Ledesma avanza con más despidos: tras echar a 165 operarios, ahora apunta a personal fuera de convenio
En medio de un clima de recesión, caída del consumo y apertura importadora, la empresa Ledesma, histórica azucarera con fuerte presencia en Jujuy, vuelve a ser noticia por su política de ajuste.

Tras despedir a 165 trabajadores agremiados en febrero, la firma ahora avanza con una segunda tanda de cesantías, esta vez dirigida a personal jerárquico fuera de convenio, como ingenieros, contadores, secretarias y profesionales técnicos.
La nueva ola de recortes —aunque más acotada— refleja una decisión empresarial estructural: reducir planteles, achicar gerencias y concentrar decisiones, bajo el argumento de que “la competitividad” está en riesgo.

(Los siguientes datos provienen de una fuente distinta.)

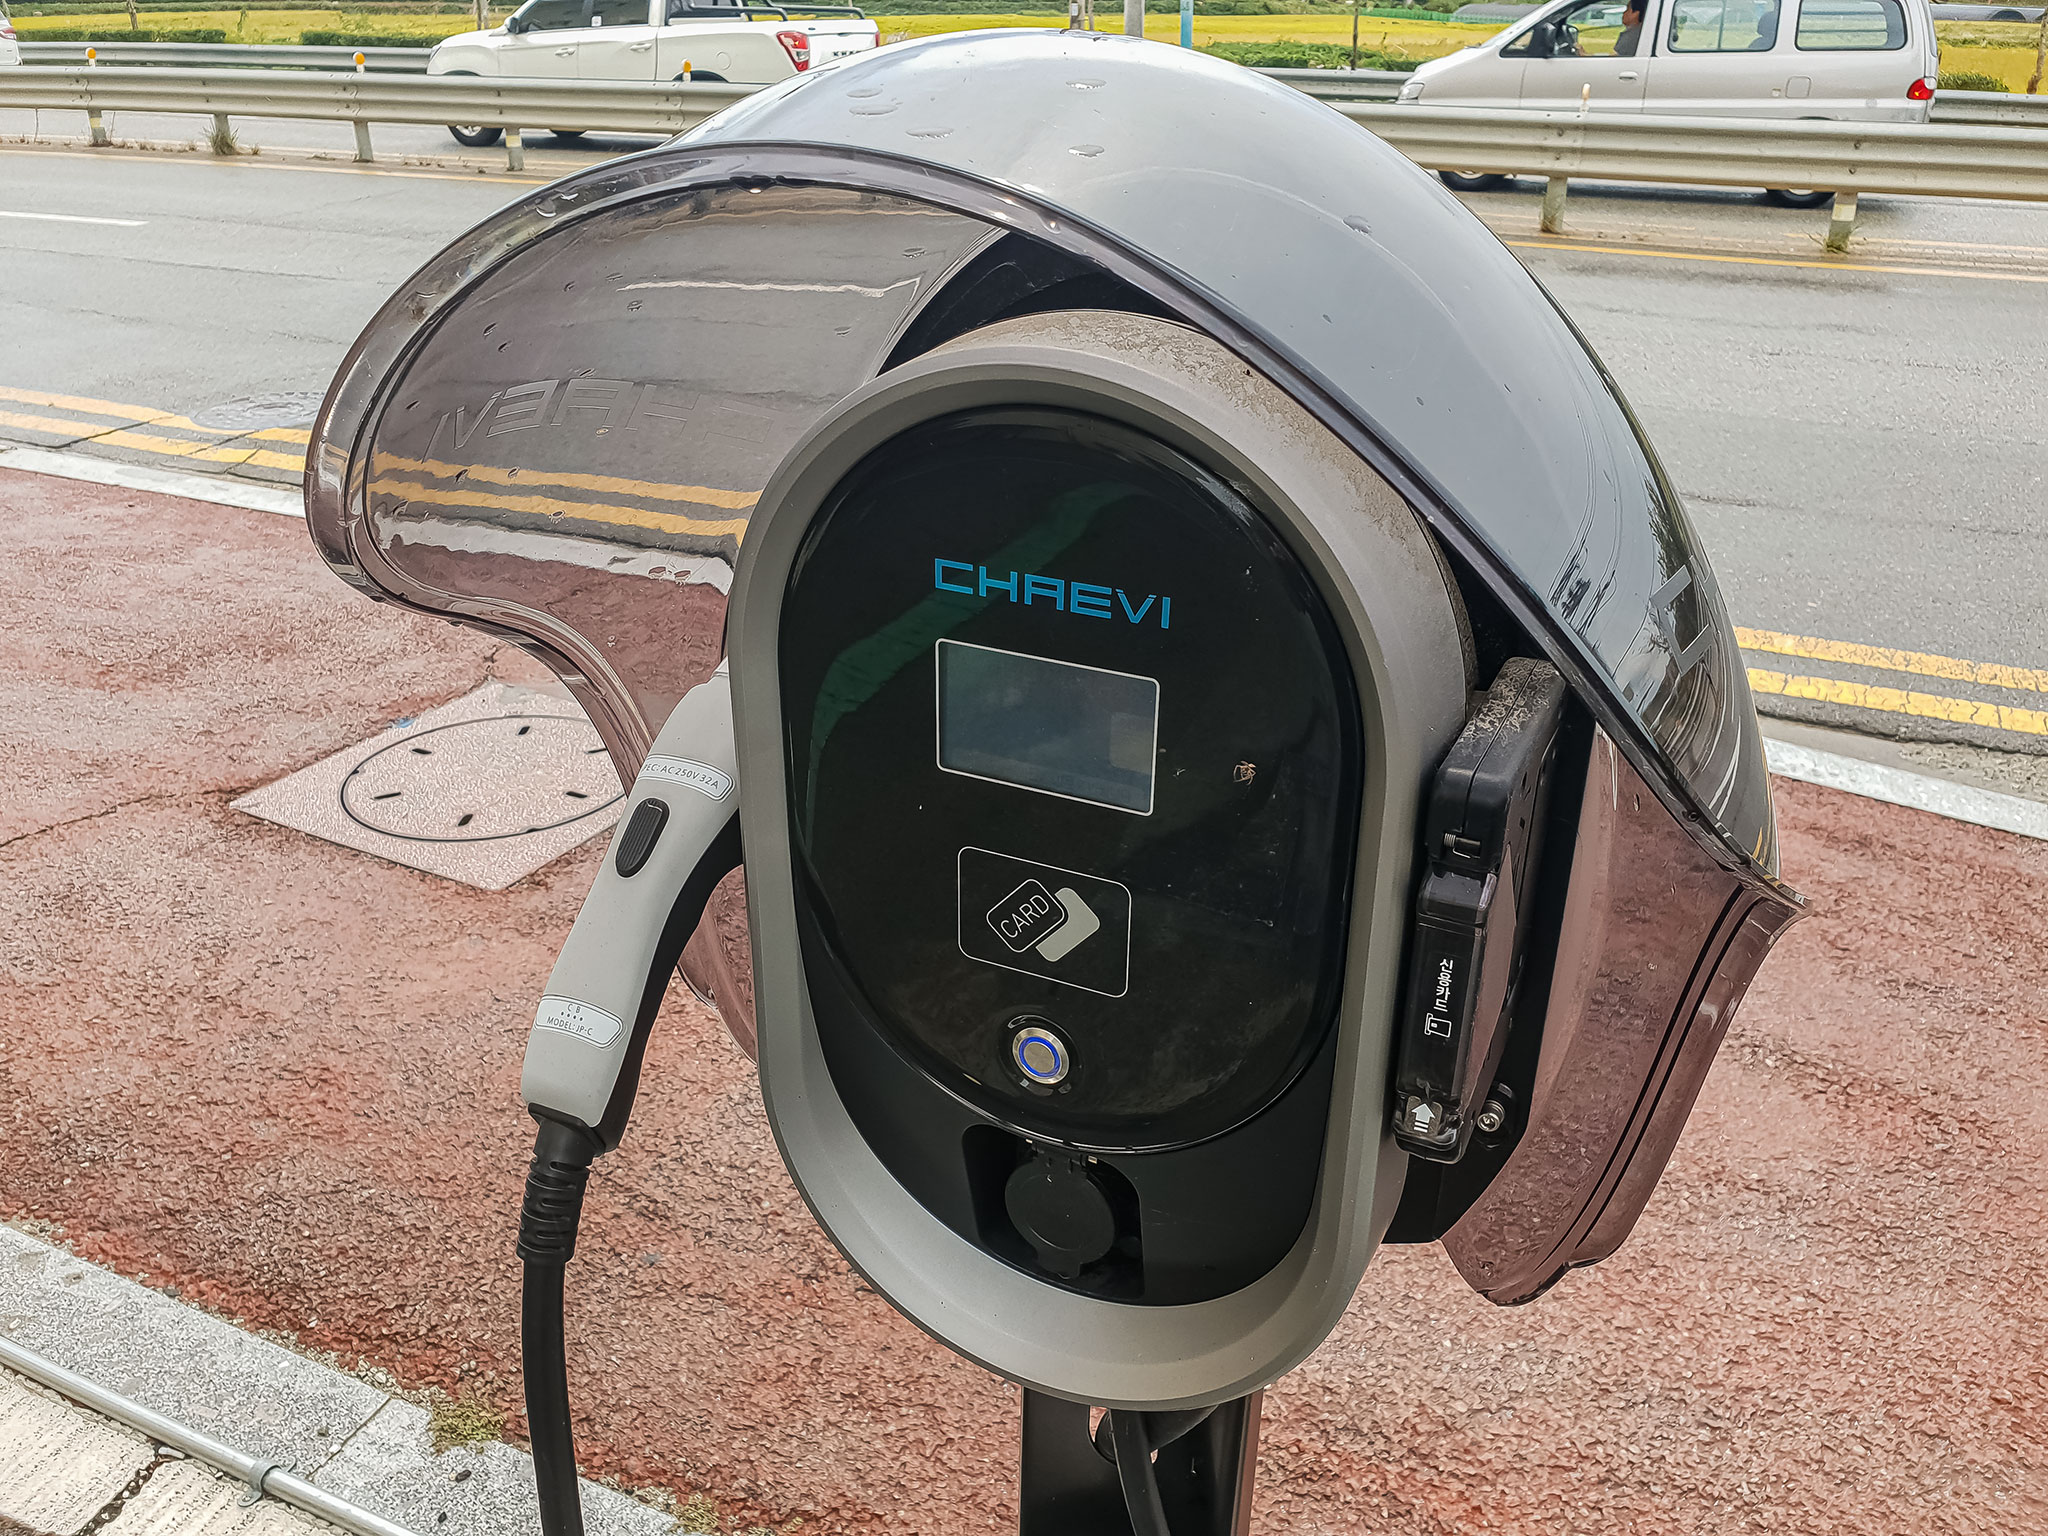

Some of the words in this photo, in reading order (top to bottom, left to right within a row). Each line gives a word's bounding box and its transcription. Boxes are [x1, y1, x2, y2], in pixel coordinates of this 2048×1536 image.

[934, 558, 1171, 629] CHAEVI
[660, 765, 674, 774] AC
[675, 768, 699, 780] 250V
[699, 774, 720, 789] 32A
[1000, 894, 1050, 938] CARD
[1433, 958, 1454, 1013] 신용카드

Ledesma justifica los despidos en un “contexto adverso” tanto local como internacional, aunque la narrativa parece omitir otros factores clave: su rol dominante en el mercado azucarero, los beneficios fiscales recibidos y su capacidad histórica de adaptación a los ciclos económicos.

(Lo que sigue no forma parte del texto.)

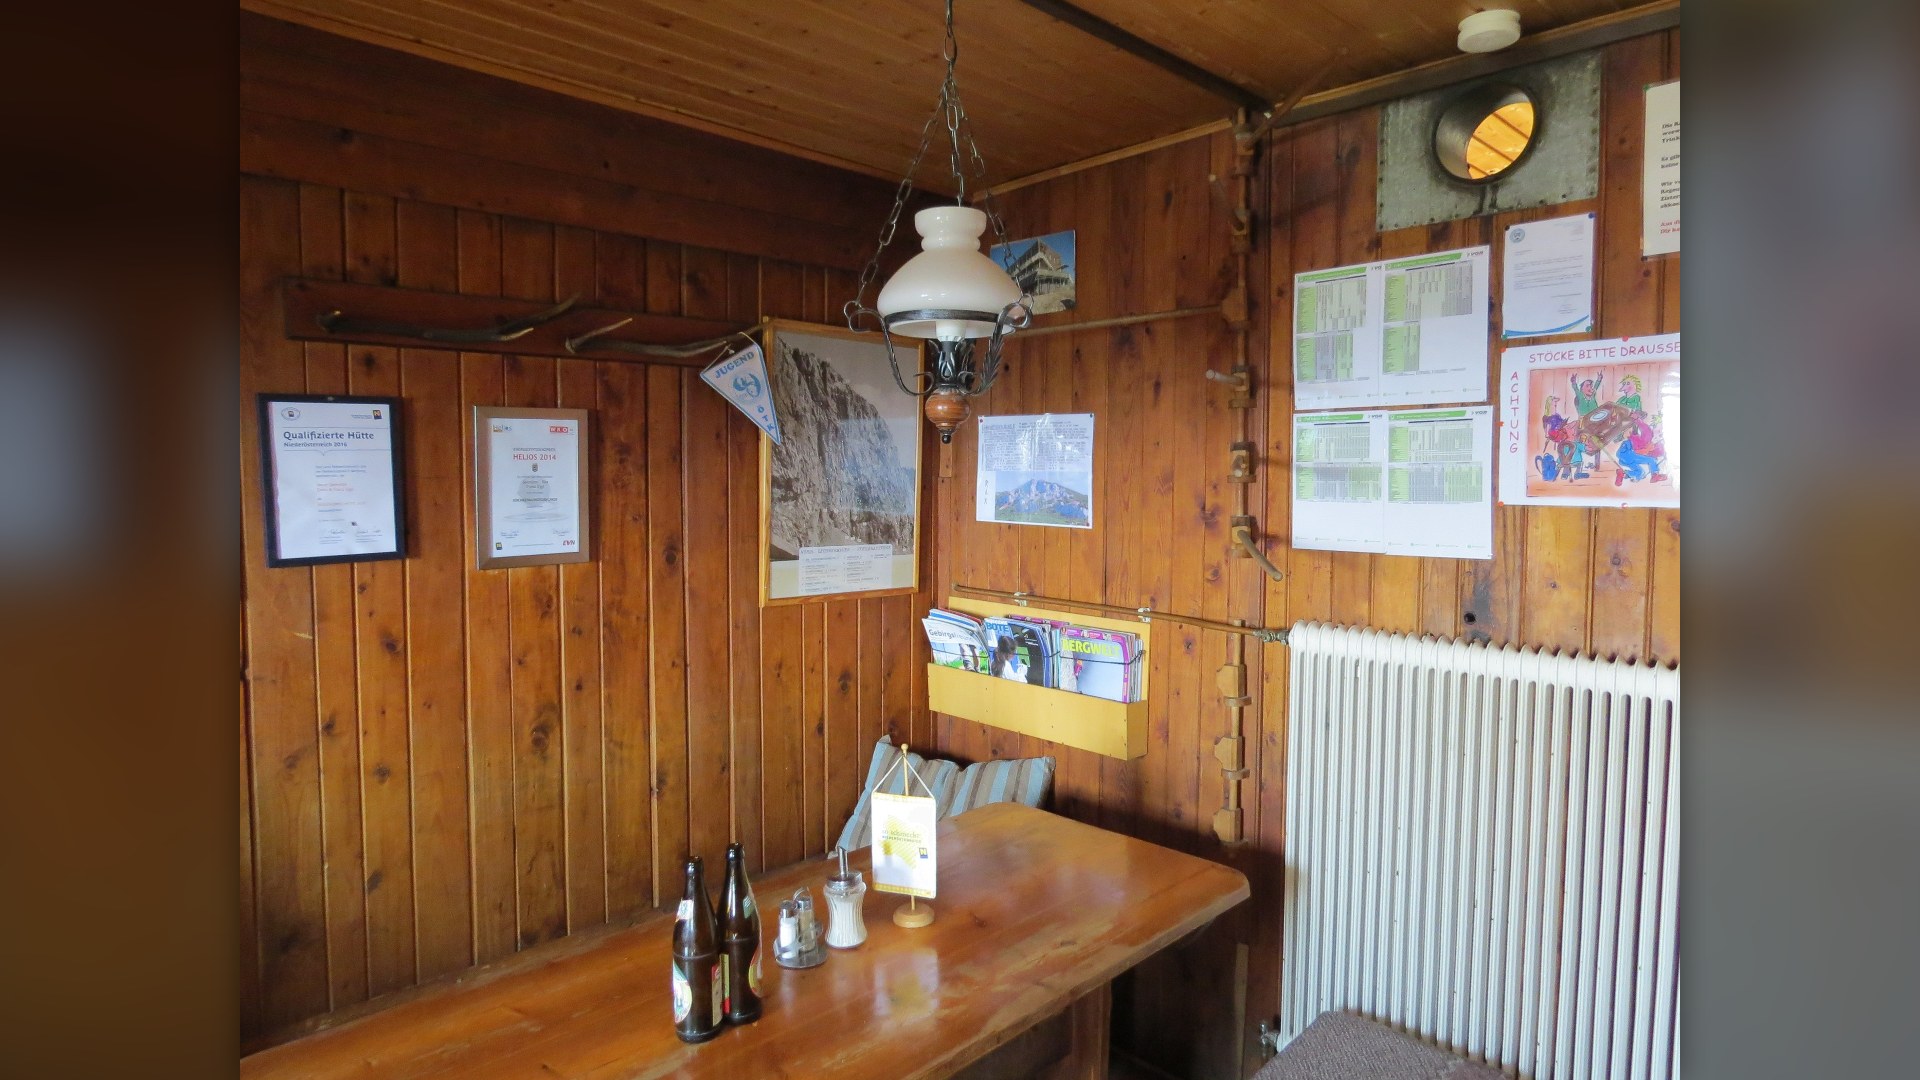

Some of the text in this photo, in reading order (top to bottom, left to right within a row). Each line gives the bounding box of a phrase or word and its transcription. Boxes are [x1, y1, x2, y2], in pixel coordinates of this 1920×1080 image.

[1529, 349, 1574, 363] STÖCKE
[1579, 347, 1616, 359] BITTE
[715, 352, 754, 379] JUGEND
[1509, 371, 1519, 453] ACHTUNG
[284, 431, 374, 441] Qualifizierte Hütte
[986, 622, 1009, 632] BOTE
[1062, 639, 1120, 658] BERGWELT

Ajuste interno y discurso repetido
La empresa argumenta que el aumento de costos operativos, combinado con la baja en los precios del azúcar —tanto en el mercado interno como en el internacional—, pone en jaque la rentabilidad. Cita aumentos salariales “cercanos al 200%” en 2023 y la presión de cargas como logística, servicios e impuestos. Sin embargo, la excusa no es nueva: ya fue utilizada hace pocos meses para justificar el despido de decenas de trabajadores en plena temporada zafral.
El discurso oficial se apoya en datos macroeconómicos —ciertos, pero parciales— sin analizar su posición dominante en el sector y su peso estructural como empleador en regiones con escasa diversidad económica. ¿Qué significa que una firma con 6.000 empleados “no puede sostener” sus estructuras internas? ¿Cuánto del ajuste es necesario y cuánto responde a una estrategia de disciplinamiento laboral?

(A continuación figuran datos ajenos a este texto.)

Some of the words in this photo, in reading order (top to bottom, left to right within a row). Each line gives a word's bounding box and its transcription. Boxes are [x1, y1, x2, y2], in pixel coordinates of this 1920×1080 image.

Impacto local y señales de precarización
En el plano local, la preocupación es creciente. Ledesma es uno de los mayores empleadores privados del norte argentino, y su impacto en la comunidad de Libertador General San Martín es directo. Cada recorte no solo afecta a quienes pierden su empleo, sino también a una red de comercios, proveedores y actividades que dependen indirectamente de su funcionamiento.
La eliminación de gerencias y jefaturas también plantea una alerta sobre el modelo de organización que la empresa busca consolidar: menos estructura, más precarización, mayor concentración del poder decisional y menos espacio para la negociación colectiva o individual.
Un modelo en crisis o una estrategia de ajuste permanente
Si bien Ledesma menciona que “confía en que las medidas permitirán retomar el crecimiento”, lo cierto es que la empresa atraviesa una transformación profunda que plantea interrogantes sobre su rol económico y social. ¿Estamos frente a una reestructuración pensada para resistir una coyuntura, o ante un modelo de negocios que apunta a maximizar rentabilidad sacrificando empleo y salarios?
Desde 2023, el mercado azucarero local ha mostrado signos de enfriamiento, con caídas del 16% en ventas al consumidor y del 9% en ventas industriales, según la propia firma. Pero en vez de buscar soluciones de largo plazo o apostar por la diversificación, Ledesma parece haber elegido el camino más corto: el ajuste.
En un país con casi el 60% de la población bajo la línea de pobreza, el impacto de cada puesto de trabajo perdido se multiplica. Y aunque desde la empresa insistan en que “están haciendo esfuerzos para minimizar el daño”, los despidos —silenciosos y escalonados— marcan una tendencia inquietante: la crisis vuelve a pagarse con el trabajo de los de abajo.